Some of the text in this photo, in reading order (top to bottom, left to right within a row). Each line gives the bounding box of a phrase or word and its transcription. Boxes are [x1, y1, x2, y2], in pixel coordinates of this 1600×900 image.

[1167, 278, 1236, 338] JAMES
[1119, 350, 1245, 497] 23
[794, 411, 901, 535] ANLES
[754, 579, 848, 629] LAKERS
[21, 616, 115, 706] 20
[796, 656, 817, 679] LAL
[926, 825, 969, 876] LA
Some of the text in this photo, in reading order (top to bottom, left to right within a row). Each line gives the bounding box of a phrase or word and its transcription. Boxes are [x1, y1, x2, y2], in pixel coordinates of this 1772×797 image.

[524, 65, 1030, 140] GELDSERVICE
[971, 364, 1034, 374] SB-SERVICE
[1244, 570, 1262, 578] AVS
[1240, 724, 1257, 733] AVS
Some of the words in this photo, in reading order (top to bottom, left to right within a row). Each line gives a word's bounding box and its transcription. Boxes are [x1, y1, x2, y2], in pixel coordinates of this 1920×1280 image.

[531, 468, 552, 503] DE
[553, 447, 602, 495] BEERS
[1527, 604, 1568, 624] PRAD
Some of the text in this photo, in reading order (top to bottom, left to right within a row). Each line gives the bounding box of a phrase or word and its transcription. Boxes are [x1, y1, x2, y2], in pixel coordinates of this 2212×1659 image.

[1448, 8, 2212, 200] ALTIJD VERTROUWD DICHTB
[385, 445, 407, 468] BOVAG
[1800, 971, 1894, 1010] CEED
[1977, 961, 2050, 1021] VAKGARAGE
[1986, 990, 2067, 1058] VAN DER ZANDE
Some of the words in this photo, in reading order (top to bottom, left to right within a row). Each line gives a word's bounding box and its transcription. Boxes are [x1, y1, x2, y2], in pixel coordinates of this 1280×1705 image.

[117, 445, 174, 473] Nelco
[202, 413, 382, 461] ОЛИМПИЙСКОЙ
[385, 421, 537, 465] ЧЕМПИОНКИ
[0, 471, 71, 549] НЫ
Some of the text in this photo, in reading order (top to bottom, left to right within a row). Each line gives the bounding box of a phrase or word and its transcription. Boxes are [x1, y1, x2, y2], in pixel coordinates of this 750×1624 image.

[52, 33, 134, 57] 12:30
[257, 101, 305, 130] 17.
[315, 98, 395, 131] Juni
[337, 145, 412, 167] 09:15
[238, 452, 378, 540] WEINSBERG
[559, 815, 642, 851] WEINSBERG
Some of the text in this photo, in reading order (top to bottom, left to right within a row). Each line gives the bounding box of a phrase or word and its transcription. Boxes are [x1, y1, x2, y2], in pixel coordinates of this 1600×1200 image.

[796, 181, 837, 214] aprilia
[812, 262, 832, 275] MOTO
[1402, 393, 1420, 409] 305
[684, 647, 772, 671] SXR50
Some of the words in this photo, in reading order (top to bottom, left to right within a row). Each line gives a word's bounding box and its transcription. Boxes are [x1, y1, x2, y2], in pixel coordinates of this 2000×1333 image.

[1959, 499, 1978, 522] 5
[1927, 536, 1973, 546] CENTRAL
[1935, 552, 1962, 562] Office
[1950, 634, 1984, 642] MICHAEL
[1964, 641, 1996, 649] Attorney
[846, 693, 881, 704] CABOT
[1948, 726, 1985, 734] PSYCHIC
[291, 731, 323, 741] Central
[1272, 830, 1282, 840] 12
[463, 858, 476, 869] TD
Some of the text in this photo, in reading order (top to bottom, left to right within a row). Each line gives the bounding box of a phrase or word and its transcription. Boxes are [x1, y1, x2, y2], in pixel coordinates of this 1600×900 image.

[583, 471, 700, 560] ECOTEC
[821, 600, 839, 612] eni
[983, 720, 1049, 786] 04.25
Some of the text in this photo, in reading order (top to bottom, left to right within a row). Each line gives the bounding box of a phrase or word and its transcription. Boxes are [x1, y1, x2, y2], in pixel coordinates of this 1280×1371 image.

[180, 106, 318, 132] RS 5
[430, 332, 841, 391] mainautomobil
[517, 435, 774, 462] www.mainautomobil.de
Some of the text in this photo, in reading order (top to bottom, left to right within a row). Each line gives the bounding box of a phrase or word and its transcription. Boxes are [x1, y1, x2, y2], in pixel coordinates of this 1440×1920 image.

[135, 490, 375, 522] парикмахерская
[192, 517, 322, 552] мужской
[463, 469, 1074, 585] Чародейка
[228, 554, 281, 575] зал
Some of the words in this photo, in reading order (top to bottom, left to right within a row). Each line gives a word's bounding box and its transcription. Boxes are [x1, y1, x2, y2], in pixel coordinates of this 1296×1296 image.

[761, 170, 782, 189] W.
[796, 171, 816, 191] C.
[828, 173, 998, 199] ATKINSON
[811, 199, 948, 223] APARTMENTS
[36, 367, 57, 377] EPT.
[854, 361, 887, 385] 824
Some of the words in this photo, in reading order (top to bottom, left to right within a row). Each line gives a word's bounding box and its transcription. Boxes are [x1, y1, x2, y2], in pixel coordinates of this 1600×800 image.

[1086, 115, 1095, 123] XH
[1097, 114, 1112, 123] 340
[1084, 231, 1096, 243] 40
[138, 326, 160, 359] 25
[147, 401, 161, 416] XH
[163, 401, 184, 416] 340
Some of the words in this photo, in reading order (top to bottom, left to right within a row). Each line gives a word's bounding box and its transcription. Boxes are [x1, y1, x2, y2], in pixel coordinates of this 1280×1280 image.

┄┄┄┄┄┄

Your answer must be every record above, retyped exactly.

Some of the text in this photo, in reading order (top to bottom, left to right within a row). Each line gives the bounding box of a phrase or word and its transcription. Boxes are [x1, y1, x2, y2], in pixel coordinates of this 1600×900 image.

[1167, 278, 1236, 338] JAMES
[1119, 350, 1245, 497] 23
[794, 411, 901, 535] ANLES
[754, 579, 848, 629] LAKERS
[21, 616, 115, 706] 20
[796, 656, 817, 679] LAL
[926, 825, 969, 876] LA
Some of the text in this photo, in reading order (top to bottom, left to right within a row). Each line gives the bounding box of a phrase or word and its transcription. Boxes are [x1, y1, x2, y2], in pixel coordinates of this 1772×797 image.

[524, 65, 1030, 140] GELDSERVICE
[971, 364, 1034, 374] SB-SERVICE
[1244, 570, 1262, 578] AVS
[1240, 724, 1257, 733] AVS
Some of the words in this photo, in reading order (top to bottom, left to right within a row). Each line gives a word's bounding box and its transcription. Boxes are [x1, y1, x2, y2], in pixel coordinates of this 1920×1280 image.

[531, 468, 552, 503] DE
[553, 447, 602, 495] BEERS
[1527, 604, 1568, 624] PRAD
Some of the text in this photo, in reading order (top to bottom, left to right within a row). Each line gives the bounding box of a phrase or word and its transcription. Boxes are [x1, y1, x2, y2], in pixel coordinates of this 2212×1659 image.

[1448, 8, 2212, 200] ALTIJD VERTROUWD DICHTB
[385, 445, 407, 468] BOVAG
[1800, 971, 1894, 1010] CEED
[1977, 961, 2050, 1021] VAKGARAGE
[1986, 990, 2067, 1058] VAN DER ZANDE
Some of the words in this photo, in reading order (top to bottom, left to right within a row). Each line gives a word's bounding box and its transcription. Boxes are [x1, y1, x2, y2], in pixel coordinates of this 1280×1705 image.

[117, 445, 174, 473] Nelco
[202, 413, 382, 461] ОЛИМПИЙСКОЙ
[385, 421, 537, 465] ЧЕМПИОНКИ
[0, 471, 71, 549] НЫ
Some of the text in this photo, in reading order (top to bottom, left to right within a row). Each line gives the bounding box of a phrase or word and its transcription. Boxes are [x1, y1, x2, y2], in pixel coordinates of this 750×1624 image.

[52, 33, 134, 57] 12:30
[257, 101, 305, 130] 17.
[315, 98, 395, 131] Juni
[337, 145, 412, 167] 09:15
[238, 452, 378, 540] WEINSBERG
[559, 815, 642, 851] WEINSBERG
Some of the text in this photo, in reading order (top to bottom, left to right within a row). Each line gives the bounding box of a phrase or word and its transcription. Boxes are [x1, y1, x2, y2], in pixel coordinates of this 1600×1200 image.

[796, 181, 837, 214] aprilia
[812, 262, 832, 275] MOTO
[1402, 393, 1420, 409] 305
[684, 647, 772, 671] SXR50
Some of the words in this photo, in reading order (top to bottom, left to right within a row). Each line gives a word's bounding box and its transcription. Boxes are [x1, y1, x2, y2], in pixel coordinates of this 2000×1333 image.

[1959, 499, 1978, 522] 5
[1927, 536, 1973, 546] CENTRAL
[1935, 552, 1962, 562] Office
[1950, 634, 1984, 642] MICHAEL
[1964, 641, 1996, 649] Attorney
[846, 693, 881, 704] CABOT
[1948, 726, 1985, 734] PSYCHIC
[291, 731, 323, 741] Central
[1272, 830, 1282, 840] 12
[463, 858, 476, 869] TD
Some of the text in this photo, in reading order (top to bottom, left to right within a row). Each line gives the bounding box of a phrase or word and its transcription. Boxes are [x1, y1, x2, y2], in pixel coordinates of this 1600×900 image.

[583, 471, 700, 560] ECOTEC
[821, 600, 839, 612] eni
[983, 720, 1049, 786] 04.25
Some of the text in this photo, in reading order (top to bottom, left to right within a row). Each line gives the bounding box of a phrase or word and its transcription. Boxes are [x1, y1, x2, y2], in pixel coordinates of this 1280×1371 image.

[180, 106, 318, 132] RS 5
[430, 332, 841, 391] mainautomobil
[517, 435, 774, 462] www.mainautomobil.de
Some of the text in this photo, in reading order (top to bottom, left to right within a row). Each line gives the bounding box of a phrase or word and its transcription. Boxes are [x1, y1, x2, y2], in pixel coordinates of this 1440×1920 image.

[135, 490, 375, 522] парикмахерская
[192, 517, 322, 552] мужской
[463, 469, 1074, 585] Чародейка
[228, 554, 281, 575] зал
Some of the words in this photo, in reading order (top to bottom, left to right within a row). Each line gives a word's bounding box and its transcription. Boxes are [x1, y1, x2, y2], in pixel coordinates of this 1296×1296 image.

[761, 170, 782, 189] W.
[796, 171, 816, 191] C.
[828, 173, 998, 199] ATKINSON
[811, 199, 948, 223] APARTMENTS
[36, 367, 57, 377] EPT.
[854, 361, 887, 385] 824
Some of the words in this photo, in reading order (top to bottom, left to right within a row). Each line gives a word's bounding box and its transcription. Boxes are [x1, y1, x2, y2], in pixel coordinates of this 1600×800 image.

[1086, 115, 1095, 123] XH
[1097, 114, 1112, 123] 340
[1084, 231, 1096, 243] 40
[138, 326, 160, 359] 25
[147, 401, 161, 416] XH
[163, 401, 184, 416] 340
Some of the words in this photo, in reading order (top to bottom, left to right within a row). Each line gives a word's bounding box and its transcription. Boxes are [x1, y1, x2, y2], in pixel coordinates of this 1280×1280 image.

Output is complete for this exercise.